How to be authentic on social media, and sustain your presence there?

aim for presence not perfection

Over the years, many soulpreneurs have written to me with this kind of concern:

“I’m not sure I can sustain a presence on social media, even if it’s good for business… it feels exhausting to have to keep up an image of who I am. Or maybe I will run out of things to say…”

I’m with you. If I had to pretend to be someone I’m not, it would exhaust me too.

It’s the feeling of having to keep up an image — knowing you “should” be present online, but dreading the regularity of having to show up and perform for others…

I hope to inspire you into a different way — a way to keep showing up that is a lot more authentic, and empowering.

I’ve been active on social media since 2009 — about 17 years now. Most of the colleagues I started with back then? They are no longer posting. I’m one of the few still showing up, and still finding it meaningful to this day.

Over time, I figured out a practice that I could sustain. I hope to teach that to you in this post.

Before we talk about the how, let’s be clear what authentic social media is — and what it isn’t.

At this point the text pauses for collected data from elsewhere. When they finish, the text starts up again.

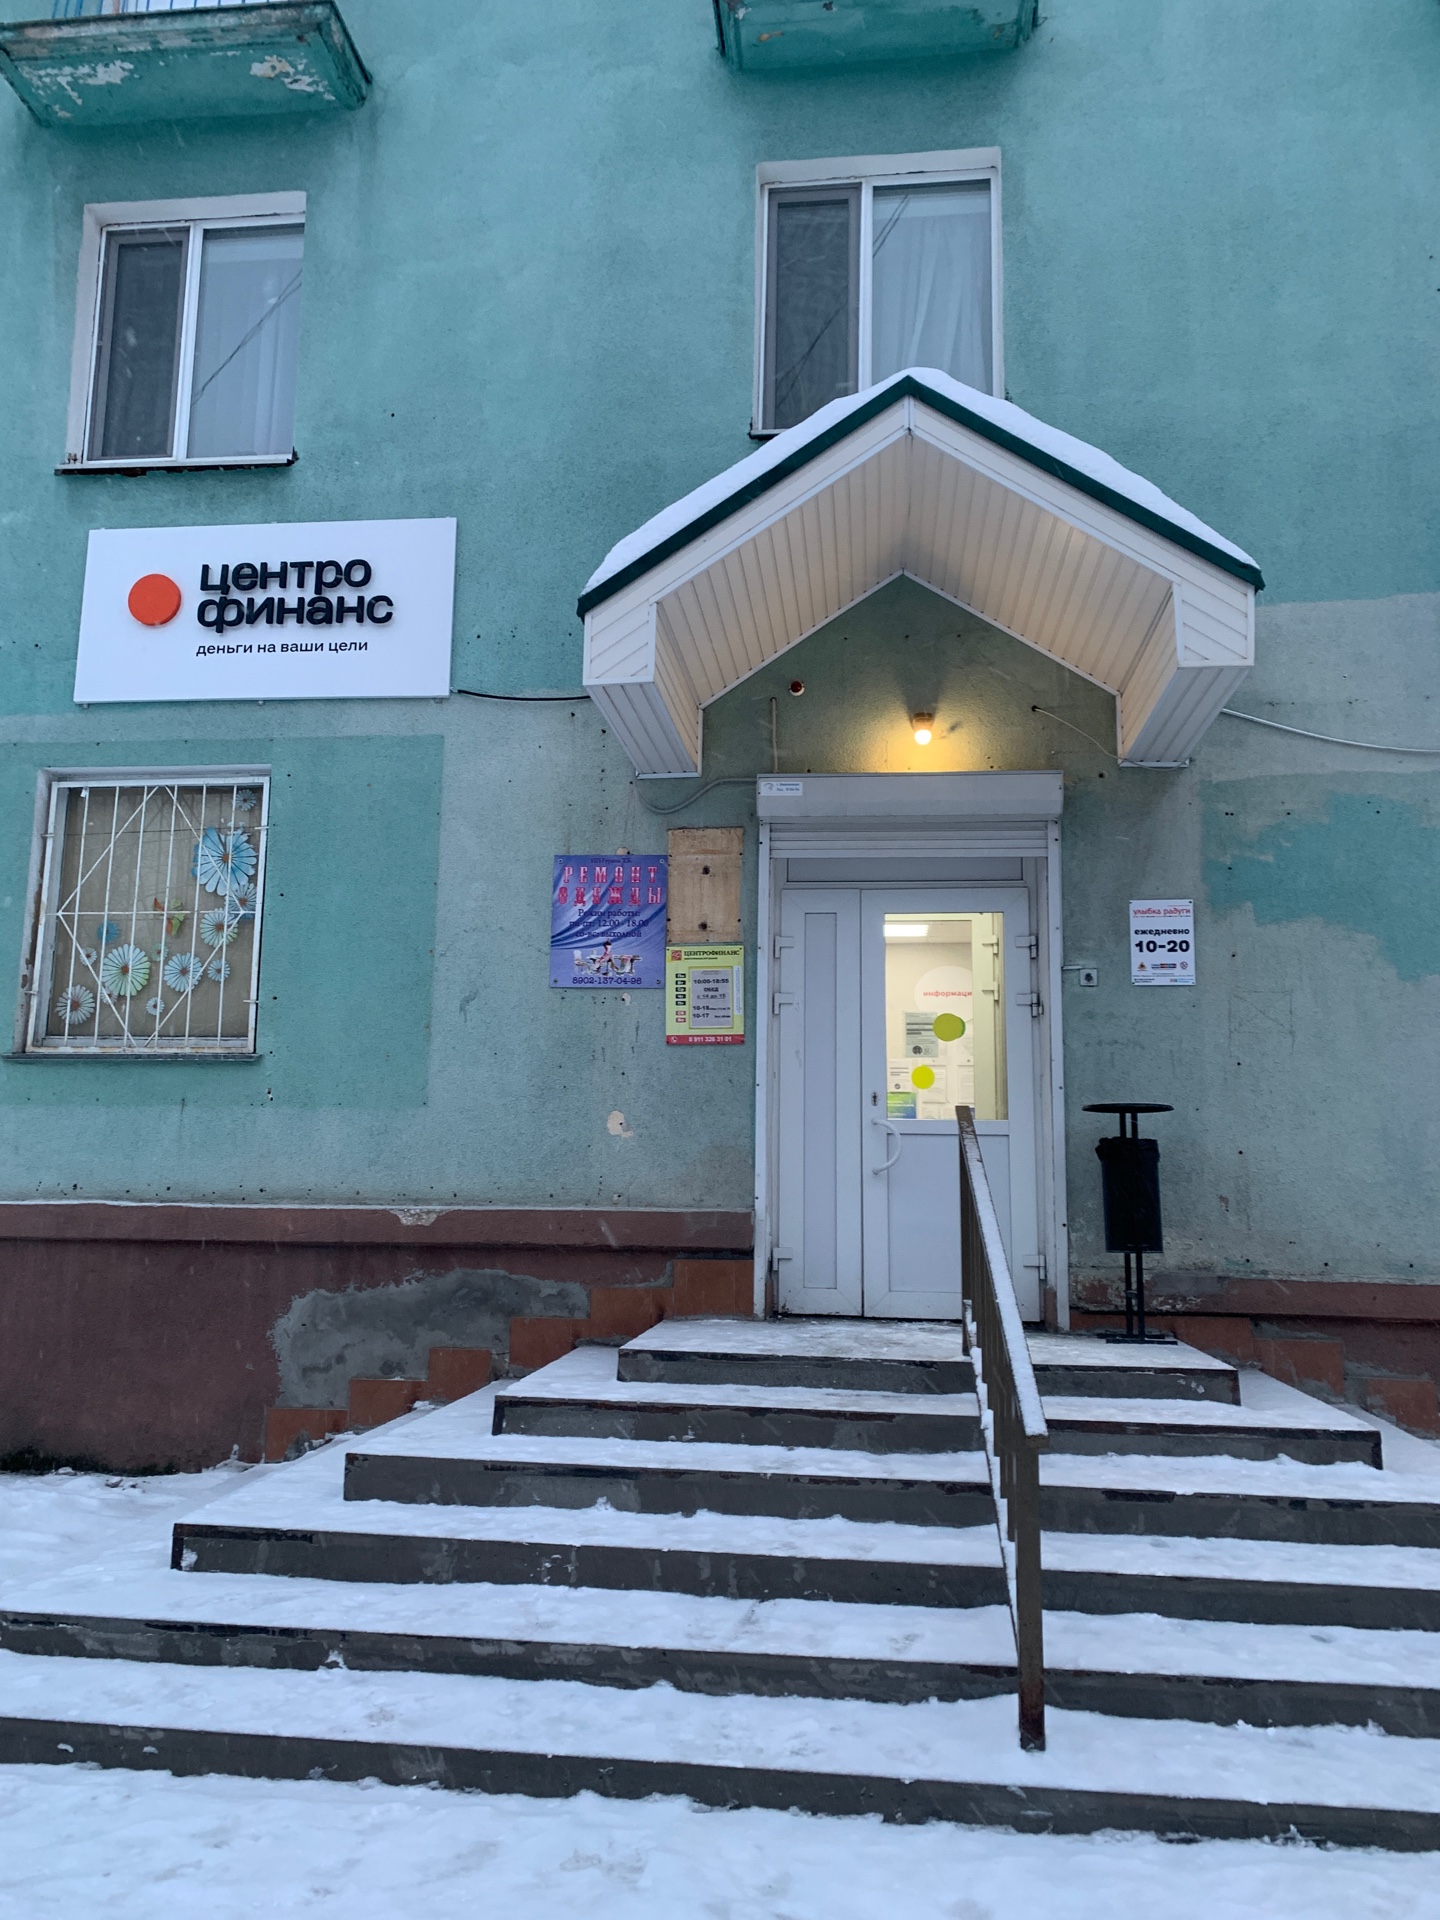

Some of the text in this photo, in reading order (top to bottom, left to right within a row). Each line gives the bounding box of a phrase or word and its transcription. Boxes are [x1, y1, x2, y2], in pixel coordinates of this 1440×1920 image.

[199, 558, 372, 596] центро
[197, 595, 394, 633] финанс
[196, 641, 368, 657] деньги на ваши цели
[563, 866, 658, 884] РЕМОНТ
[557, 886, 662, 906] ОДЕЖДЫ
[1132, 907, 1191, 916] улыбка радуги
[598, 919, 620, 927] 12.00
[627, 919, 649, 927] 18.00
[1134, 928, 1190, 936] ежедневно
[684, 949, 739, 957] ЦЕНТРОФИНАНС
[1135, 940, 1190, 953] 10-20
[923, 990, 972, 998] информаци

What I see as authentic social media:

So much of what people call “authentic” social media is actually performance dressed up as vulnerability…

Instead, truly authentic social media is public journaling — documenting our evolving professional journey, in a way that intends to benefit (or connect to) others. It’s to embody a friendship-like presence, where we share what’s true for us today, in the hopes that it resonates with them too.

In other words, it’s a practice of presence over perfection.

It’s also service-oriented posture — we post what we sense might be genuinely helpful, even if to only one caring person.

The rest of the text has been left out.